Charlotte es una muchacha joven, de apariencia saludable, de carnes blandas y altura promedio. Su rostro se encuentra en las últimas etapas de la juventud, en transición hacia la adultez, sin mostrar especial armonía alguna. A la contra, sus rasgos son redondeados, de nariz pequeña y mandíbula que carece de la elegancia y altiveza de doncellas de mayor cuna.

Sus ojos son de un profundo color verdoso, de una tonalidad similar al pistacho, engalanados con unas oscuras y gruesas cejas, que acompañadas de una melena de color marrón roble enmarcan el rostro de la joven muchacha.

Su forma física carece de interés alguno. Su vida en el Monasterio hace que carezca de físico desarrollado alguno, y una saludable capa de grasa, bien alimentada más no exagerada, reposa bajo su piel tersa y joven, de una tonalidad neutra, ni pálida ni morena.

 

Descripción psicológica

 

La novicia de la Luz conocida como Charlotte es una muchacha educada en la entrega hacia los demás, la abnegación, la empatía, el respeto, la compasión. Y ha interiorizado muchas de estas virtudes, incluida la de la inocencia. Más su inocencia no es la de aquella que permanece obnubilada por la vida, ajena a lo que ocurre a su alrededor, malamente fingida con fines funestos, si no la de aquel que, en su avispada y curiosa mente, no ha experimentado todo lo que el mundo tiene por ofrecer, y desea con ahínco ser partícipe de todas las maravillas que Azeroth tiene preparadas para aquellos de puro corazón.

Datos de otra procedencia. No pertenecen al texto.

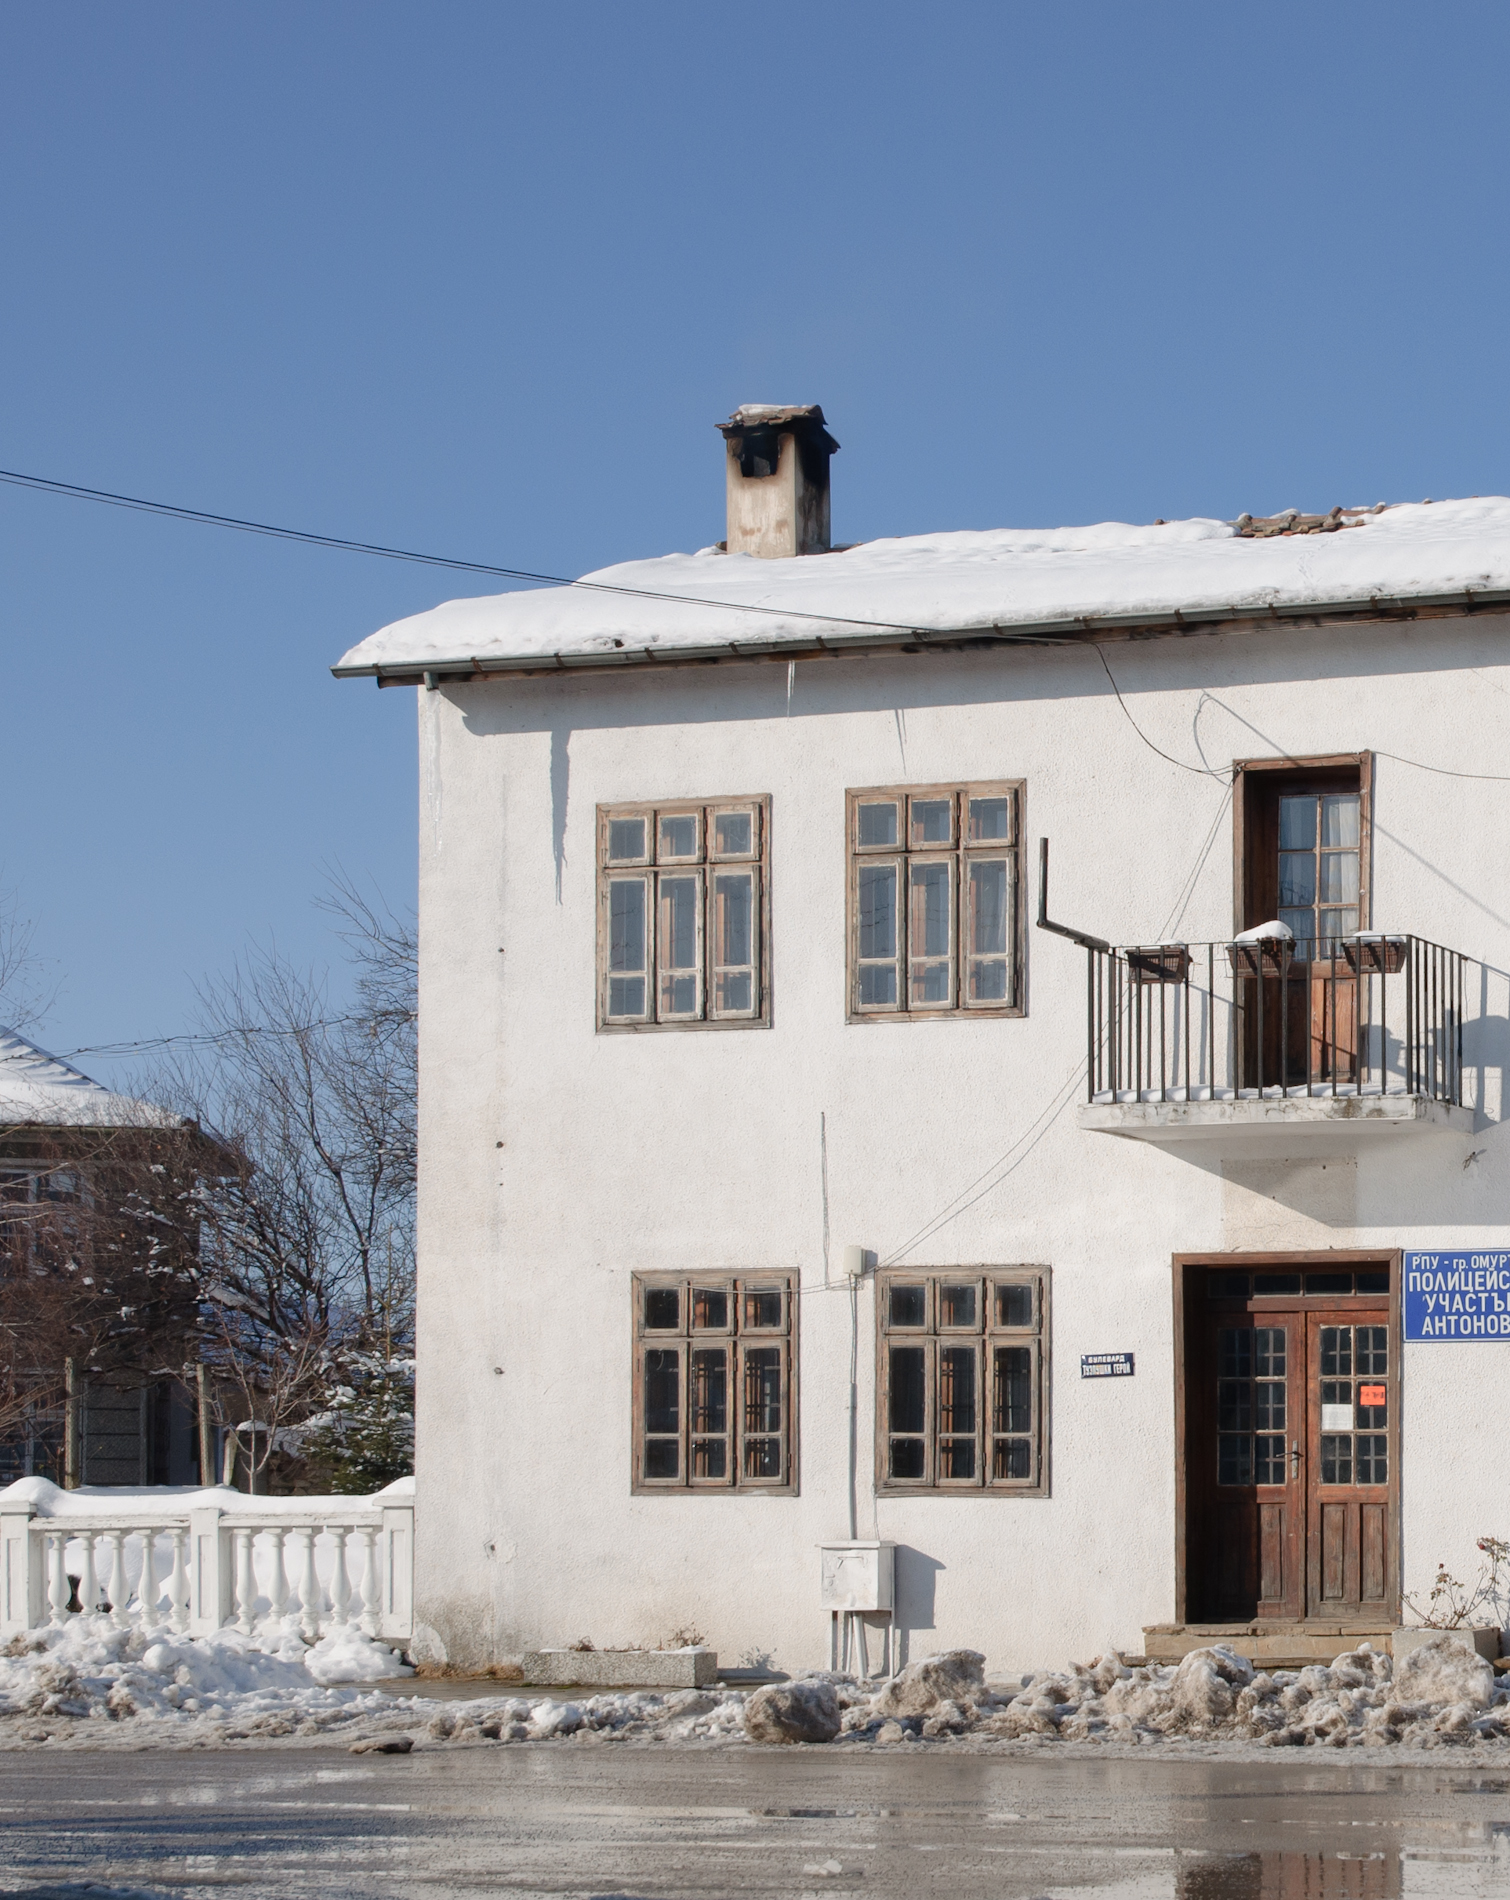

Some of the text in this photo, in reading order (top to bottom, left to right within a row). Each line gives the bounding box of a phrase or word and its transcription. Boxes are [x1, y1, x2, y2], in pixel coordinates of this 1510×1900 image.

[1412, 1255, 1439, 1270] РПУ
[1453, 1258, 1469, 1272] гр.
[1088, 1355, 1125, 1363] БУЛЕВАРД

Sigue sin embargo, siendo joven, y una testarudez y cabezonería que más de una vez aparece en los momentos menos oportunos es propio de la muchacha, que si bien es pronta a la hora de cumplir lo que se espera de ella, sumisa ante sus superiores, es dada a plantarse cual terca mula en su posición ante una situación cuya profundidad se le escapa, y ante la cual no se encuentra cómoda. Pese a todo, rara vez discute o se cierra en banda ante razonamientos bien argumentados, o justificaciones filosóficas sabias, pues como novicia de la Iglesia sabe que aprender de los demás es una de las mayores virtudes que la Luz ha concedido a sus hijos.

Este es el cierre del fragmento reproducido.